Give back word for word every line from the one that includes "this 2212×1659 image." through the last line of the listing, and nothing besides.

————

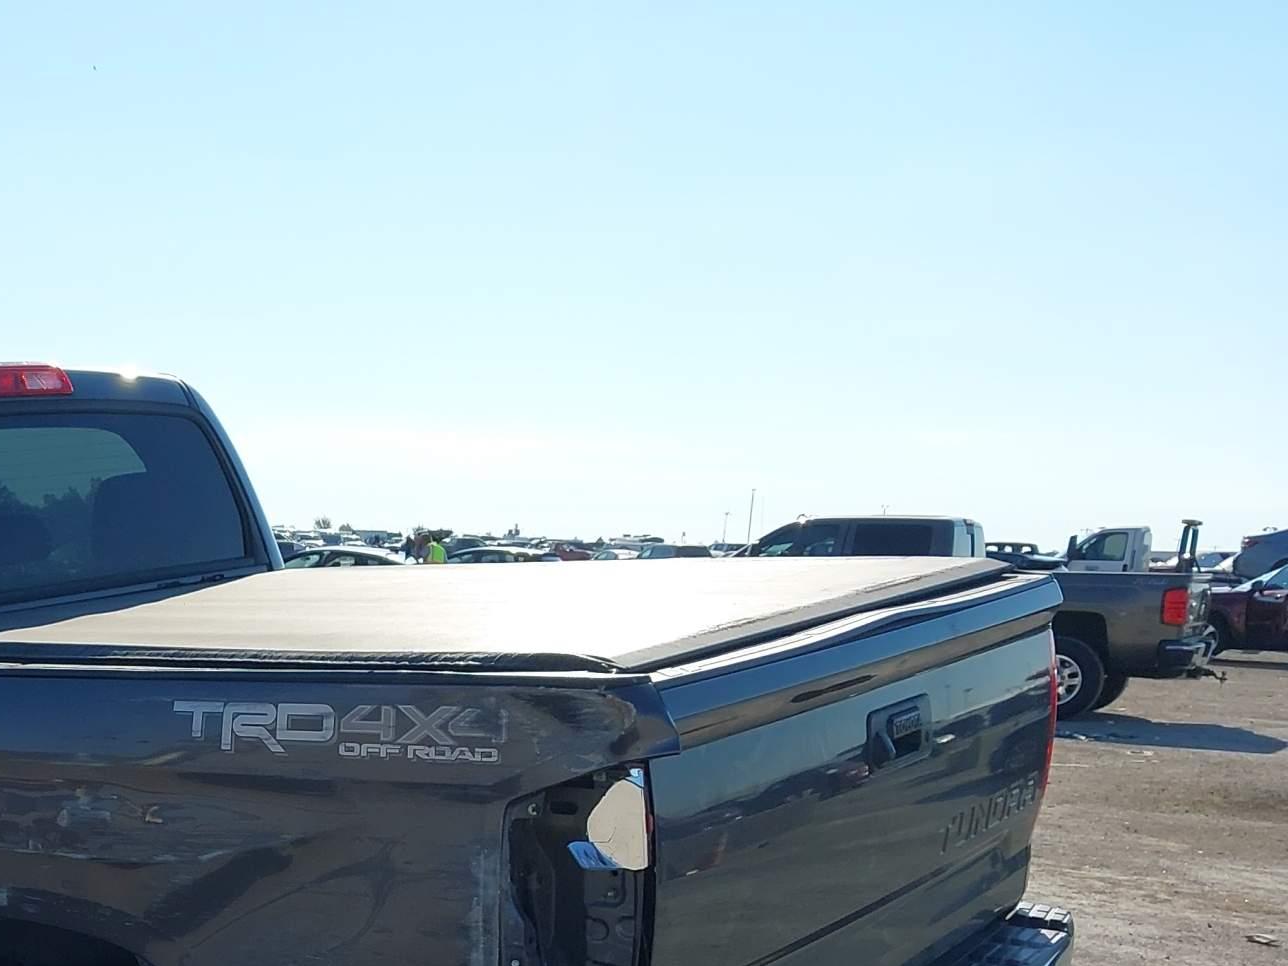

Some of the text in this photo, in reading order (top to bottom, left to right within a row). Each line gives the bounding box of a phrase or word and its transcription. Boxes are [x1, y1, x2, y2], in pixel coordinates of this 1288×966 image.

[173, 700, 338, 756] TRD
[338, 742, 500, 764] OFF ROAD
[938, 771, 1039, 856] TUNDRA
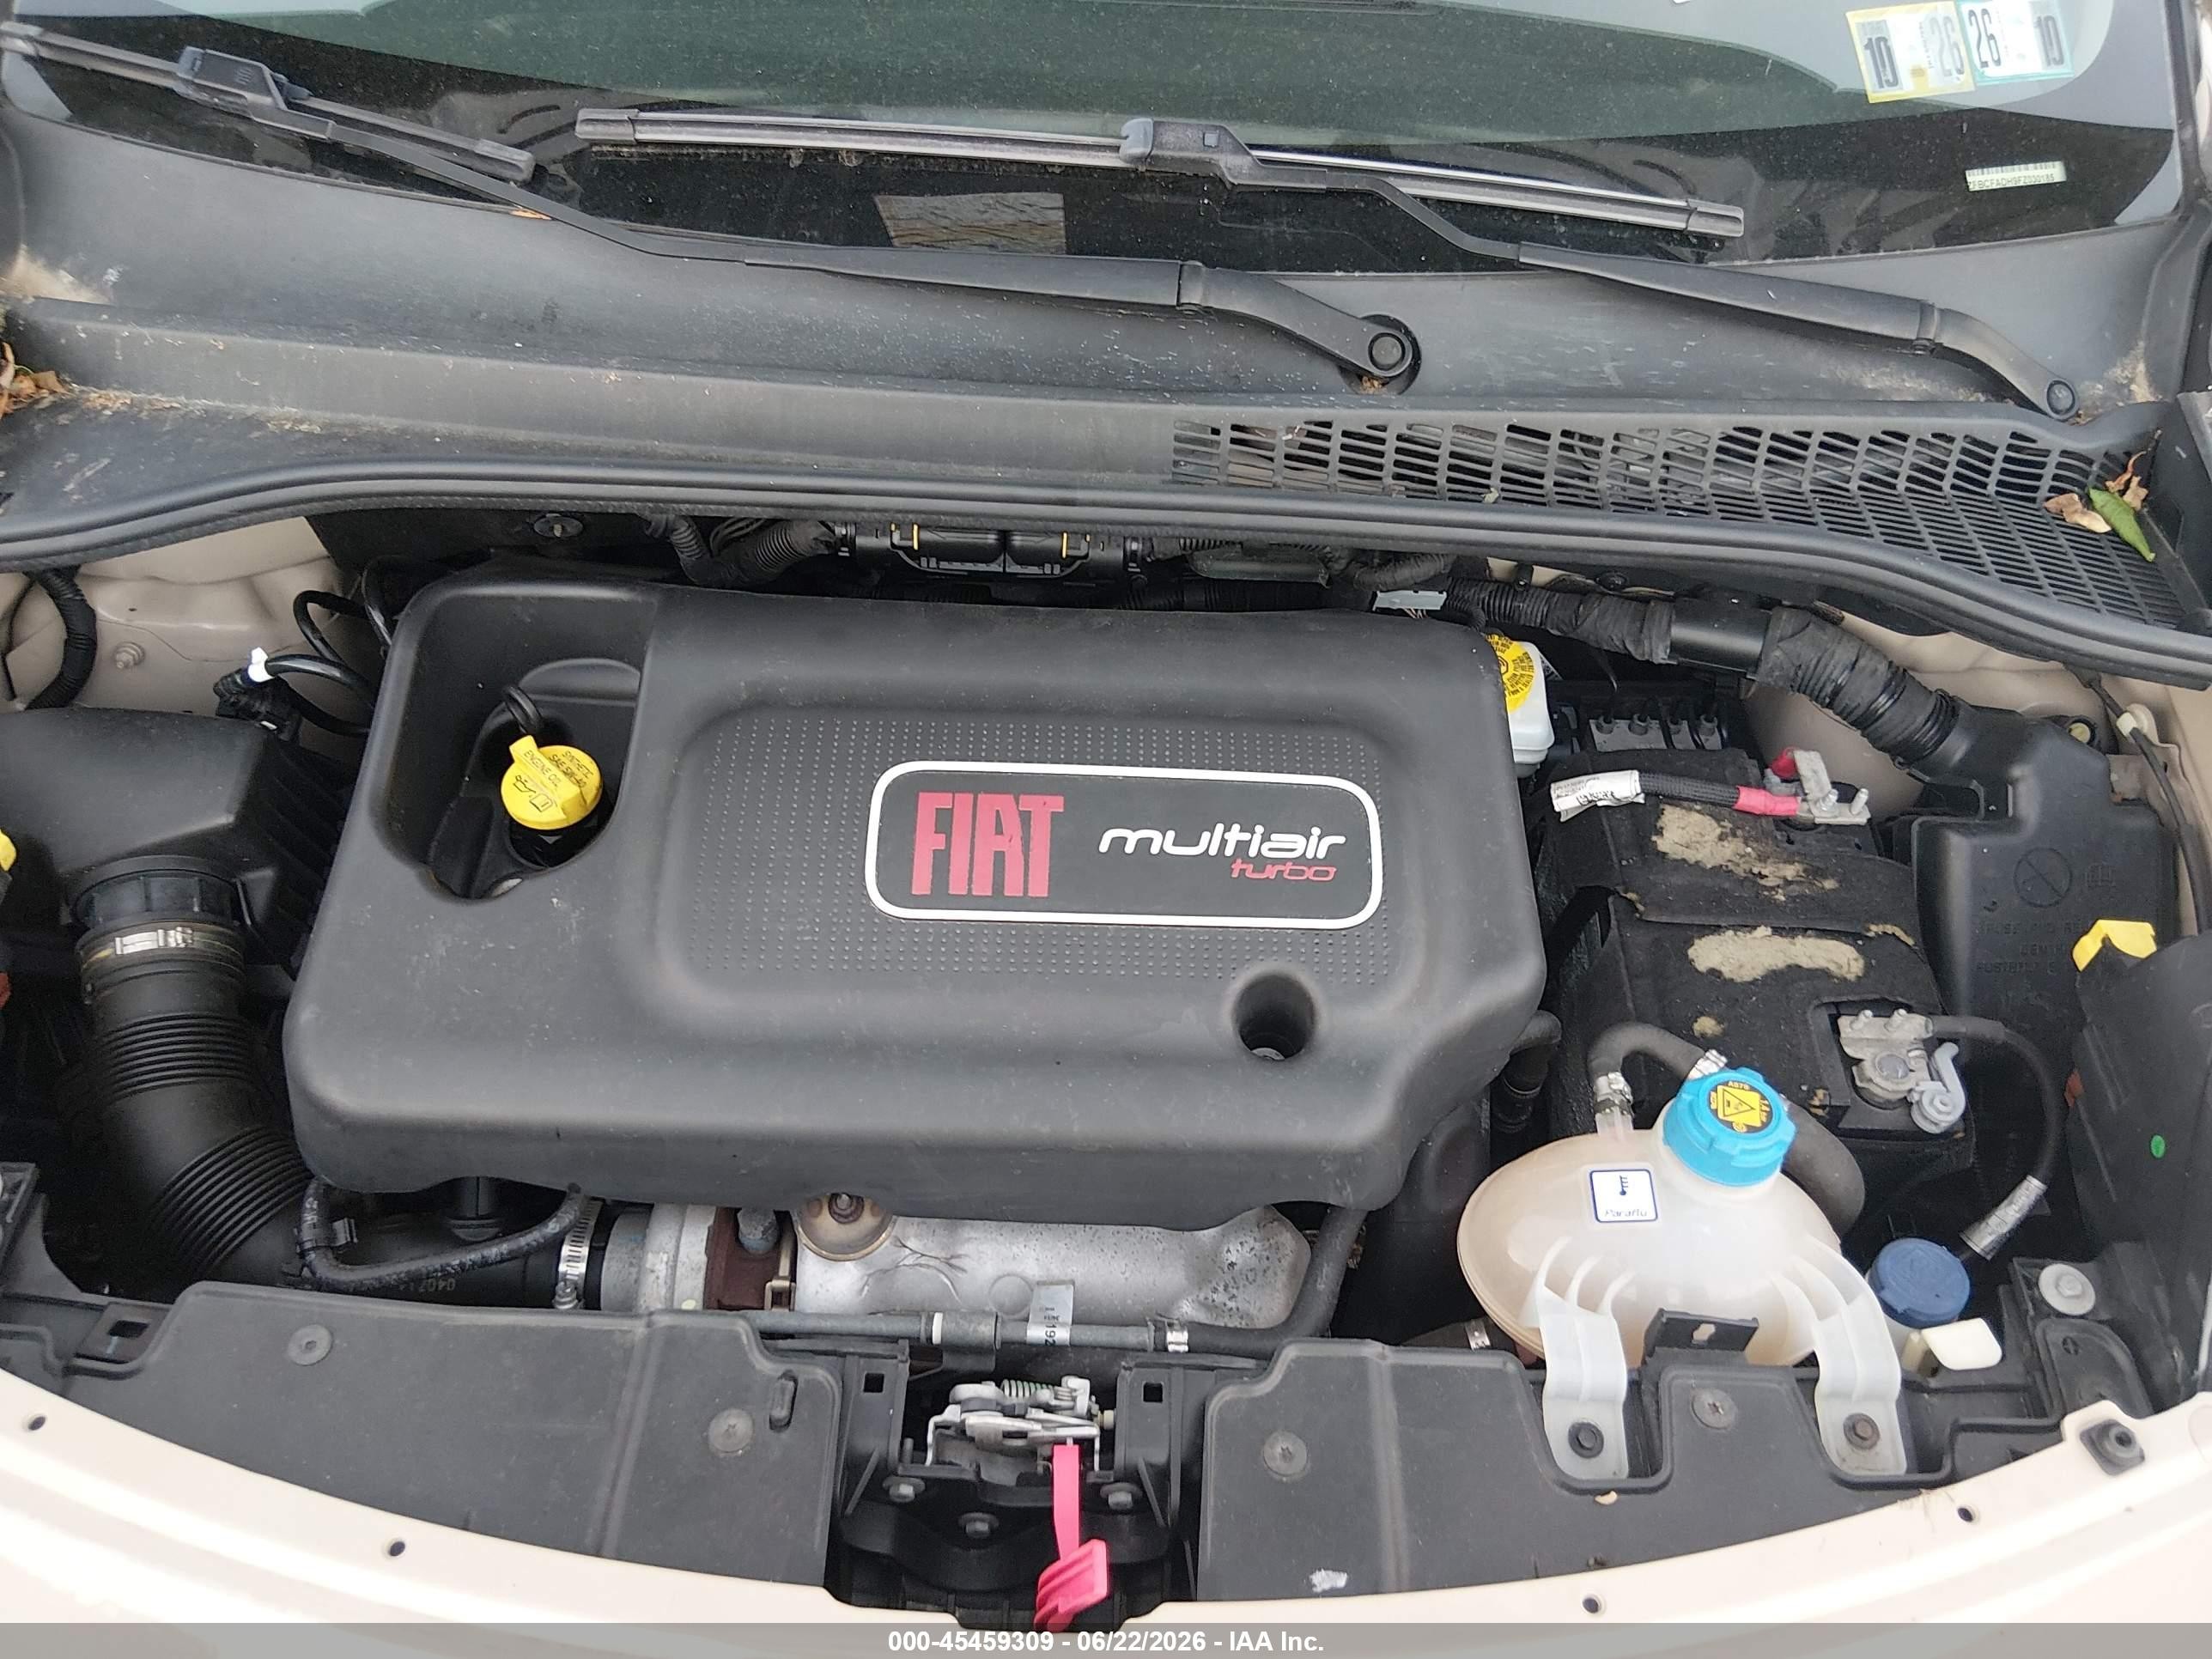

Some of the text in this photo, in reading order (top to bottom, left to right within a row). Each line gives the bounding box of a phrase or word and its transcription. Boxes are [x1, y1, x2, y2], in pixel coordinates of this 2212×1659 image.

[1863, 36, 1899, 89] 10
[1967, 8, 2002, 69] 26
[2034, 15, 2065, 67] 10
[911, 792, 1065, 897] FIAT
[1098, 823, 1347, 860] multiair
[1231, 859, 1338, 882] turbo

————

* RESULT OF THE TASK
Some of the text in this photo, in reading order (top to bottom, left to right within a row). Each line gives the bounding box of a phrase or word and its transcription. Boxes are [x1, y1, x2, y2], in pixel coordinates of this 2212×1659 image.

[1863, 36, 1899, 89] 10
[1967, 8, 2002, 69] 26
[2034, 15, 2065, 67] 10
[911, 792, 1065, 897] FIAT
[1098, 823, 1347, 860] multiair
[1231, 859, 1338, 882] turbo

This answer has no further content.